(WORK TO COMPLETE): Every record gets copied exactly, and no picture goes with it.

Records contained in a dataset
▶
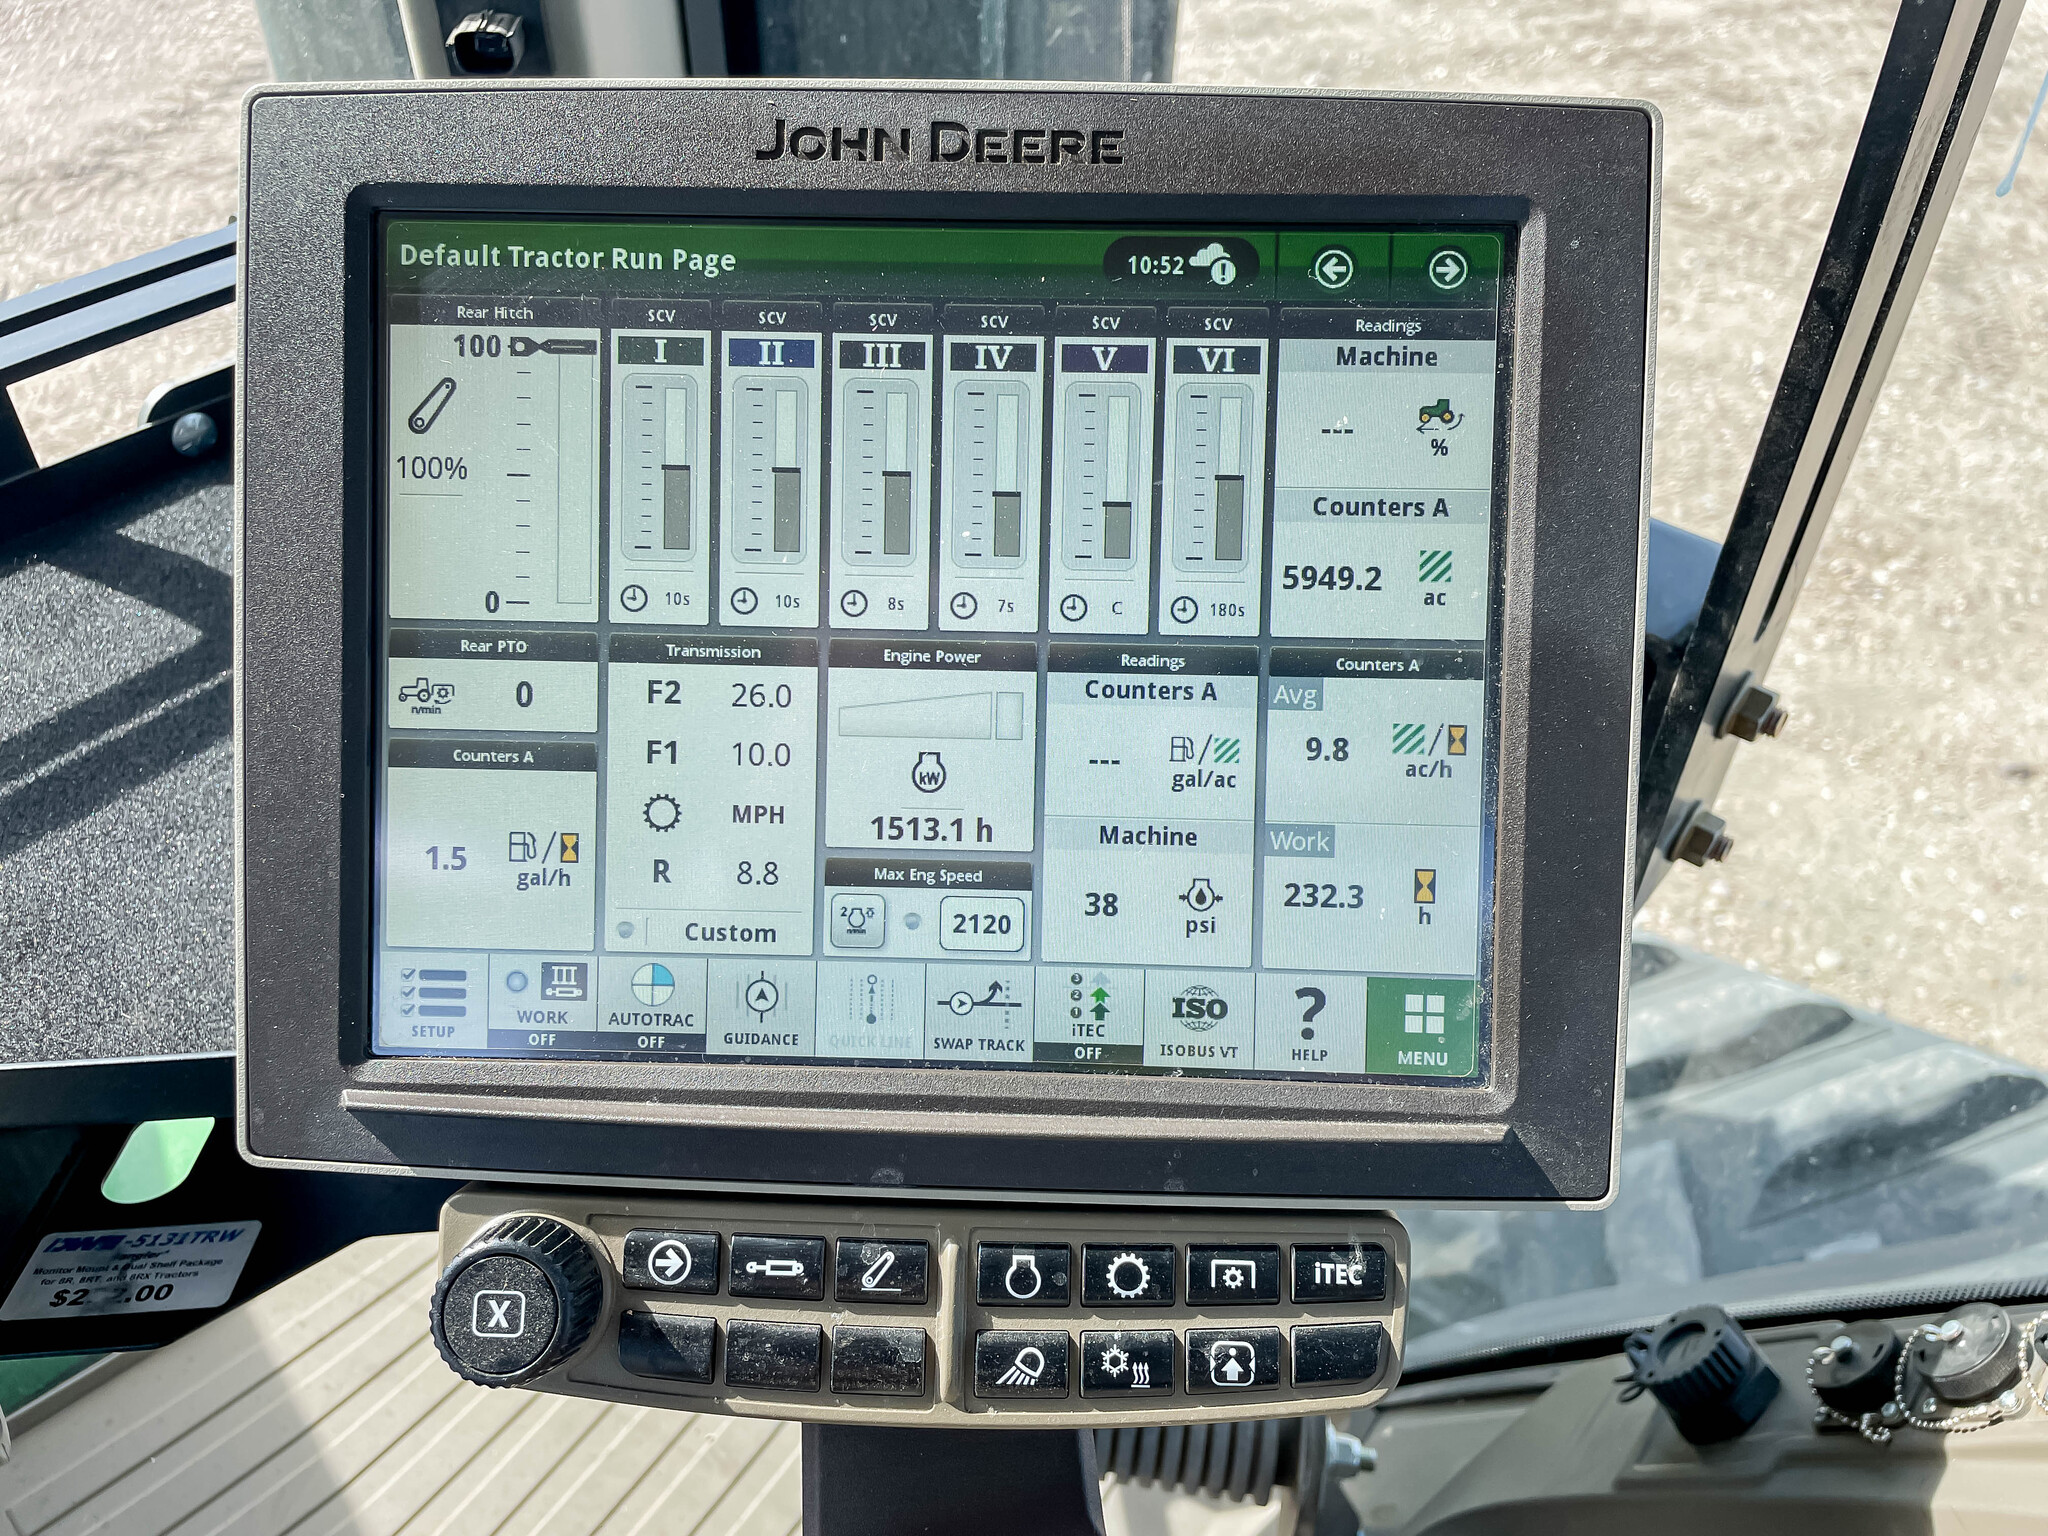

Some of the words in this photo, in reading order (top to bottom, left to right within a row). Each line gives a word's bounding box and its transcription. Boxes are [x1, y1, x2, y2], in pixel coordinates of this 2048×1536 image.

[756, 119, 911, 162] JOHN
[930, 121, 1125, 165] DEERE
[400, 244, 500, 267] Default
[509, 246, 604, 269] Tractor
[612, 249, 662, 270] Run
[673, 249, 736, 277] Page
[1128, 255, 1185, 275] 10:52
[457, 306, 488, 319] Rear
[494, 306, 534, 320] Hitch
[647, 309, 676, 323] SCV
[758, 311, 786, 325] SCV
[869, 314, 897, 327] SCV
[981, 315, 1008, 328] SCV
[1092, 316, 1120, 330] SCV
[1204, 318, 1232, 331] SCV
[1355, 319, 1422, 335] Readings
[453, 334, 501, 357] 100
[654, 339, 668, 363] I
[759, 341, 785, 365] II
[863, 343, 902, 368] III
[974, 345, 1013, 370] IV
[1092, 347, 1118, 371] V
[1198, 348, 1235, 373] VI
[1337, 346, 1438, 366] Machine
[1431, 439, 1448, 456] %
[396, 455, 467, 480] 100%
[1314, 497, 1424, 517] Counters
[1433, 499, 1449, 517] A
[1282, 565, 1383, 591] 5949.2
[485, 591, 500, 613] 0
[665, 592, 690, 606] 10s
[776, 594, 800, 609] 10s
[888, 597, 904, 612] 8s
[998, 599, 1014, 613] 7s
[1424, 592, 1446, 606] ac
[1112, 601, 1122, 615] C
[1210, 602, 1245, 617] 180s
[461, 640, 493, 653] Rear
[497, 641, 528, 654] PTO
[666, 644, 761, 659] Transmission
[883, 649, 931, 665] Engine
[936, 650, 981, 665] Power
[1121, 654, 1185, 669] Readings
[1336, 658, 1404, 672] Counters
[1408, 660, 1420, 672] A
[516, 681, 533, 707] 0
[647, 680, 682, 705] F2
[732, 683, 791, 708] 26.0
[1085, 680, 1194, 700] Counters
[1201, 683, 1218, 701] A
[1273, 685, 1317, 709] Avg
[411, 705, 441, 715] n/min
[453, 749, 520, 763] Counters
[522, 750, 534, 763] A
[647, 740, 678, 764] F1
[732, 742, 791, 767] 10.0
[1306, 737, 1349, 762] 9.8
[1405, 760, 1452, 778] ac/h
[919, 771, 940, 785] kW
[1171, 770, 1237, 792] gal/ac
[732, 805, 784, 824] MPH
[871, 816, 964, 843] 1513.1
[977, 817, 993, 842] h
[1099, 825, 1198, 846] Machine
[1270, 830, 1330, 851] Work
[425, 846, 467, 871] 1.5
[516, 869, 571, 891] gal/h
[653, 859, 672, 883] R
[736, 861, 779, 885] 8.8
[874, 868, 905, 882] Max
[910, 869, 936, 884] Eng
[940, 869, 983, 885] Speed
[1284, 883, 1364, 909] 232.3
[1084, 893, 1118, 917] 38
[952, 913, 1012, 934] 2120
[1419, 907, 1431, 925] h
[685, 923, 777, 943] Custom
[1186, 916, 1216, 939] psi
[517, 1010, 568, 1025] WORK
[1172, 998, 1228, 1020] ISO
[608, 1012, 694, 1027] AUTOTRAC
[411, 1025, 455, 1038] SETUP
[724, 1032, 799, 1046] GUIDANCE
[1072, 1024, 1105, 1037] iTEC
[528, 1033, 556, 1046] OFF
[637, 1035, 665, 1049] OFF
[934, 1037, 973, 1050] SWAP
[978, 1038, 1025, 1051] TRACK
[1074, 1047, 1102, 1060] OFF
[1160, 1044, 1215, 1057] ISOBUS
[1220, 1046, 1238, 1058] VT
[1292, 1049, 1328, 1062] HELP
[1398, 1051, 1448, 1066] MENU
[76, 1265, 109, 1273] Mount
[149, 1259, 178, 1269] Shelf
[179, 1258, 224, 1268] Package
[1315, 1261, 1362, 1286] iTEC
[40, 1278, 54, 1286] for
[155, 1270, 199, 1280] Tractors
[49, 1284, 174, 1308] $2.00
◀
(ANSWER SPACE):
Some of the words in this photo, in reading order (top to bottom, left to right within a row). Each line gives a word's bounding box and its transcription. Boxes are [x1, y1, x2, y2], in pixel coordinates of this 2048×1536 image.

[756, 119, 911, 162] JOHN
[930, 121, 1125, 165] DEERE
[400, 244, 500, 267] Default
[509, 246, 604, 269] Tractor
[612, 249, 662, 270] Run
[673, 249, 736, 277] Page
[1128, 255, 1185, 275] 10:52
[457, 306, 488, 319] Rear
[494, 306, 534, 320] Hitch
[647, 309, 676, 323] SCV
[758, 311, 786, 325] SCV
[869, 314, 897, 327] SCV
[981, 315, 1008, 328] SCV
[1092, 316, 1120, 330] SCV
[1204, 318, 1232, 331] SCV
[1355, 319, 1422, 335] Readings
[453, 334, 501, 357] 100
[654, 339, 668, 363] I
[759, 341, 785, 365] II
[863, 343, 902, 368] III
[974, 345, 1013, 370] IV
[1092, 347, 1118, 371] V
[1198, 348, 1235, 373] VI
[1337, 346, 1438, 366] Machine
[1431, 439, 1448, 456] %
[396, 455, 467, 480] 100%
[1314, 497, 1424, 517] Counters
[1433, 499, 1449, 517] A
[1282, 565, 1383, 591] 5949.2
[485, 591, 500, 613] 0
[665, 592, 690, 606] 10s
[776, 594, 800, 609] 10s
[888, 597, 904, 612] 8s
[998, 599, 1014, 613] 7s
[1424, 592, 1446, 606] ac
[1112, 601, 1122, 615] C
[1210, 602, 1245, 617] 180s
[461, 640, 493, 653] Rear
[497, 641, 528, 654] PTO
[666, 644, 761, 659] Transmission
[883, 649, 931, 665] Engine
[936, 650, 981, 665] Power
[1121, 654, 1185, 669] Readings
[1336, 658, 1404, 672] Counters
[1408, 660, 1420, 672] A
[516, 681, 533, 707] 0
[647, 680, 682, 705] F2
[732, 683, 791, 708] 26.0
[1085, 680, 1194, 700] Counters
[1201, 683, 1218, 701] A
[1273, 685, 1317, 709] Avg
[411, 705, 441, 715] n/min
[453, 749, 520, 763] Counters
[522, 750, 534, 763] A
[647, 740, 678, 764] F1
[732, 742, 791, 767] 10.0
[1306, 737, 1349, 762] 9.8
[1405, 760, 1452, 778] ac/h
[919, 771, 940, 785] kW
[1171, 770, 1237, 792] gal/ac
[732, 805, 784, 824] MPH
[871, 816, 964, 843] 1513.1
[977, 817, 993, 842] h
[1099, 825, 1198, 846] Machine
[1270, 830, 1330, 851] Work
[425, 846, 467, 871] 1.5
[516, 869, 571, 891] gal/h
[653, 859, 672, 883] R
[736, 861, 779, 885] 8.8
[874, 868, 905, 882] Max
[910, 869, 936, 884] Eng
[940, 869, 983, 885] Speed
[1284, 883, 1364, 909] 232.3
[1084, 893, 1118, 917] 38
[952, 913, 1012, 934] 2120
[1419, 907, 1431, 925] h
[685, 923, 777, 943] Custom
[1186, 916, 1216, 939] psi
[517, 1010, 568, 1025] WORK
[1172, 998, 1228, 1020] ISO
[608, 1012, 694, 1027] AUTOTRAC
[411, 1025, 455, 1038] SETUP
[724, 1032, 799, 1046] GUIDANCE
[1072, 1024, 1105, 1037] iTEC
[528, 1033, 556, 1046] OFF
[637, 1035, 665, 1049] OFF
[934, 1037, 973, 1050] SWAP
[978, 1038, 1025, 1051] TRACK
[1074, 1047, 1102, 1060] OFF
[1160, 1044, 1215, 1057] ISOBUS
[1220, 1046, 1238, 1058] VT
[1292, 1049, 1328, 1062] HELP
[1398, 1051, 1448, 1066] MENU
[76, 1265, 109, 1273] Mount
[149, 1259, 178, 1269] Shelf
[179, 1258, 224, 1268] Package
[1315, 1261, 1362, 1286] iTEC
[40, 1278, 54, 1286] for
[155, 1270, 199, 1280] Tractors
[49, 1284, 174, 1308] $2.00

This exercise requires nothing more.